Deeper, Better, Farther: Growing the Community & Improving LibreOffice

There is something truly comforting in observing vibrant communities such as the one of LibreOffice. The project is growing, not just in developers but in adoption as well: more users as well as more localizations are a visible sign inside the project. All this is not only thanks to our good name and reputation; it is because as we are well into our fourth year of existence, it is important to realize that communities scale as much as their production and communication infrastructure is able to grow and perform its duties. Two words are of peculiar importance here: Production & Communication. In a Free and Open Source Software project, these two functions are tightly connected. The project enables the software production at the same time it enables communications between its members. Conversely, you cannot have a developers, users, or QA mailing list for instance, without relying on an existing code repository of some sort, otherwise you’re only doing vapourware (and vapourware only needs a database of press contacts, but no real mailing list).
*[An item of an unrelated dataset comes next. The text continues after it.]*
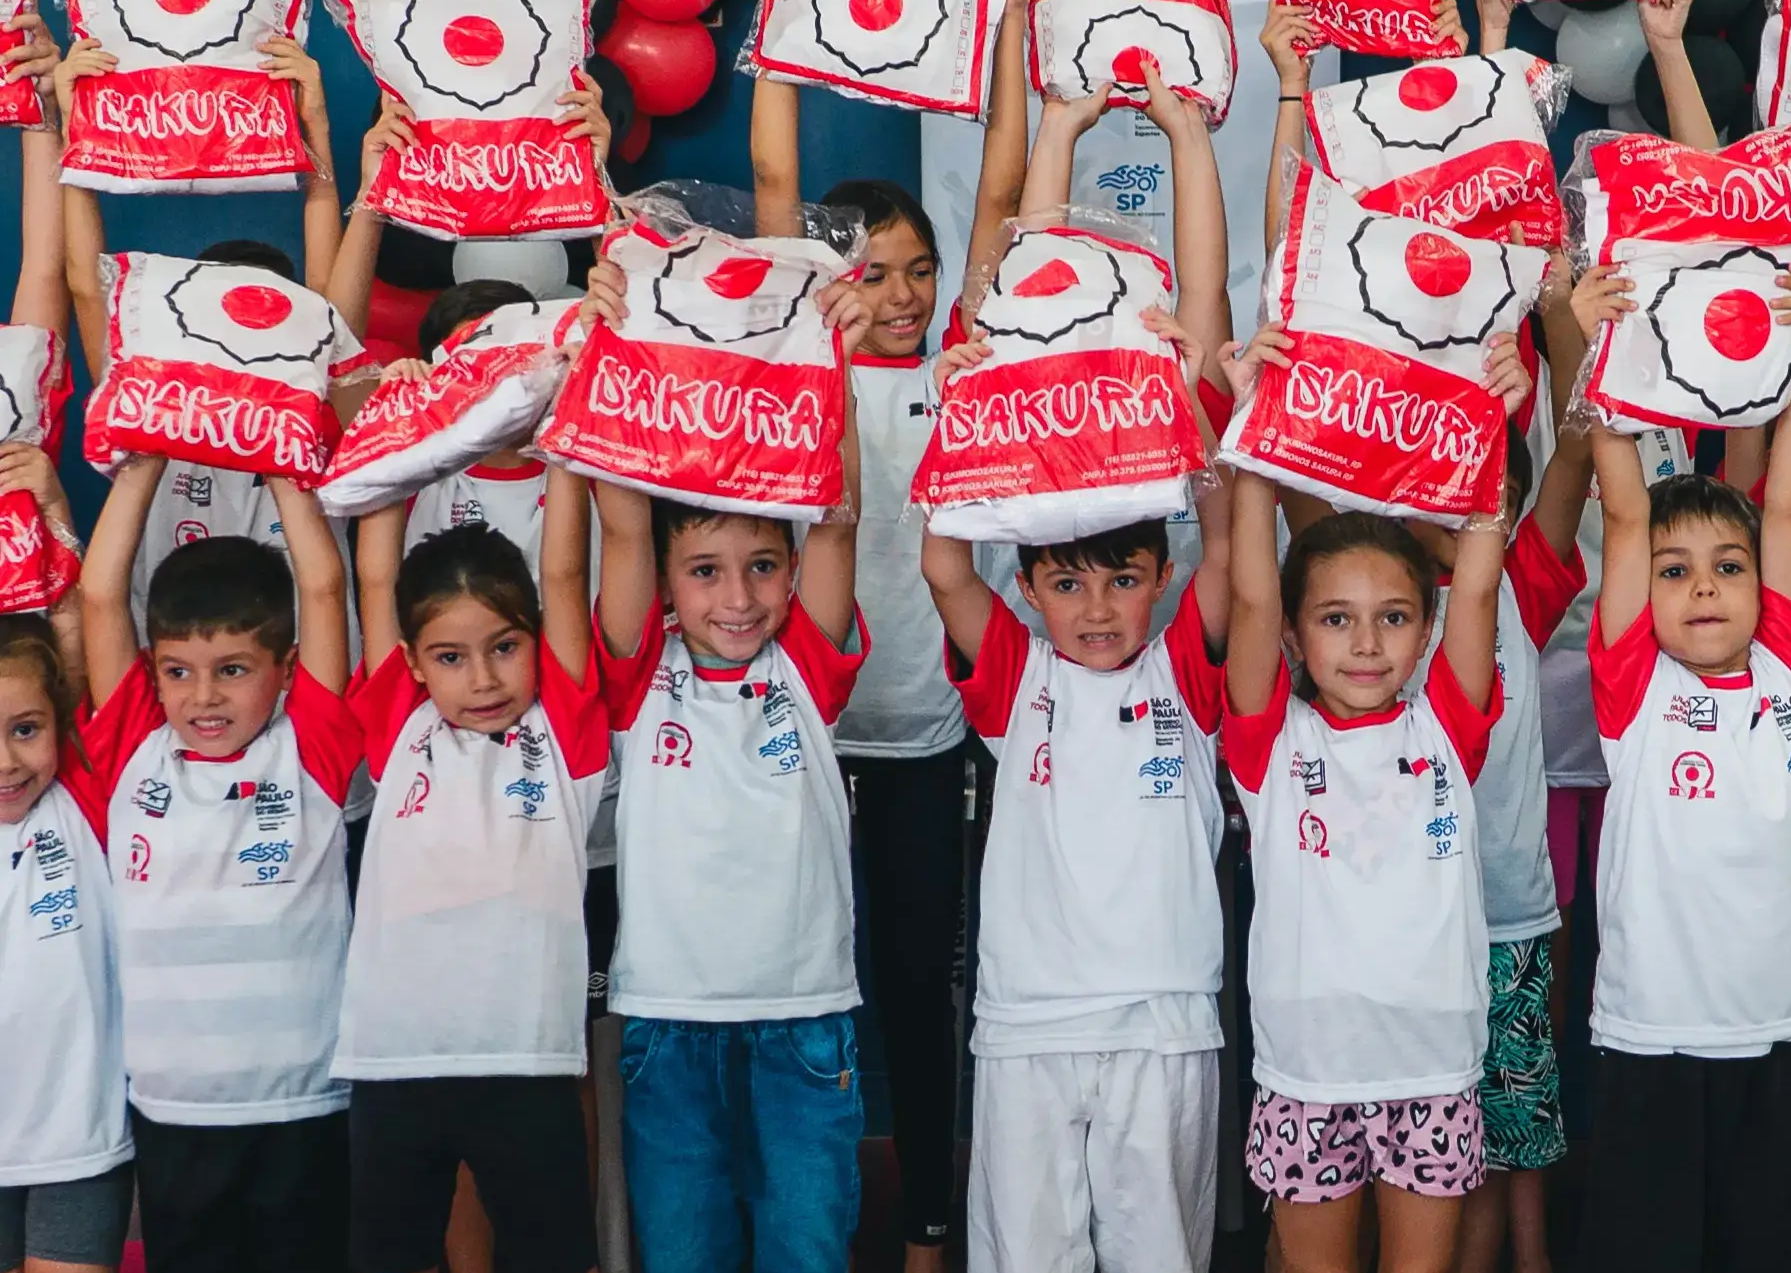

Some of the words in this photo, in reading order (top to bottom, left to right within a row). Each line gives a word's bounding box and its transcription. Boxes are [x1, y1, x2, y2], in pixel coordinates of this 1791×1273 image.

Scaling up the production and communication infrastructure ultimately amounts to improve the software quality, featureset or both, and making the project contributors communicate more effectively, in between themselves and outside of the project as well. We have entered a period of fast growth inside LibreOffice; growth in terms of quality improvement, in terms of features, but in terms of what the Document Foundation can do, thanks to broader resources than when it first started. What this does not mean however is that our infrastructure team has free time available; but it means it can do more and accomodate more needs than previously. Here are a few concrete actions the project has been deciding recently and/or committing itself to in a systematic way since a few months:

  • Hackfests: Of course these are not new, but looking on this list you will notice that they do now happen on regular and close intervals. These are actually very inclusive events and are open to anyone who wish to learn development on LibreOffice as well as joining the QA team and even how to contribute designs to the project. The next step being to go “transcontinental”, with hackfest taking place in the Americas, Europe, and Asia for instance. And for what it’s worth, we are having our hackfest in Paris this Friday…
  • More localizations: more and more teams of localizers apply to have LibreOffice localized in their own language. It does not stop there though, as we also see an increase in new openings for native-language projects, meaning that these teams will go beyond localization to serve users in their native language, promote LibreOffice locally, etc.
  • RedMine. Everywhere. All the time. With various teams come various needs, many different habits. Some will use wikis extensively, some others won’t. But many of them, when they’re not developers, have trouble actually coordinating and keeping track of their own project. After extensive tests the answer is RedMine. The Infra team has a dedicated RedMine instance for anything such as events planning to website management. As a side note, our Bugzilla is now used only for LibreOffice development and not anymore for the website, infrastructure or project management. RedMine tends to be easier to use, more adapted to a range of uses broader than software development, and bundles several tools such as wikis, gantt chart, issues tracking, etc.
  • Sane files repository with OwnCloud. We now have our own. Enough with files lost on the wiki….
  • A project-wide newsletter, gathering the quality throughout the project, dubbed LOWN (LibreOffice Weekly Newsletter) has been started and will now become a collaborative, online effort that will help circulate information around the community.
  • Soon, we will have a multilingual blog planet derived from the one used by OpenSuse.

In terms of processes, two specific improvements must be listed:

  • Regular QA bughunting sessions, allowing not just to tackle quality issues but to attract newcomers to the project -thanks Robinson!
  • Regular release coordination and readiness for localizers and native-language projects – thanks Sophie!

All this ultimately leads to a breadth of improvement, in the community and in the final stages of the 4.3 release, a major one to date. Check out the first draft of the release notes here. 

Ultimately however, all this would not work without the team of LibreOffice contributors who help make LibreOffice what it is today: a fun project, fantastic people, and a free office suite that is the best productivity tool you can find around.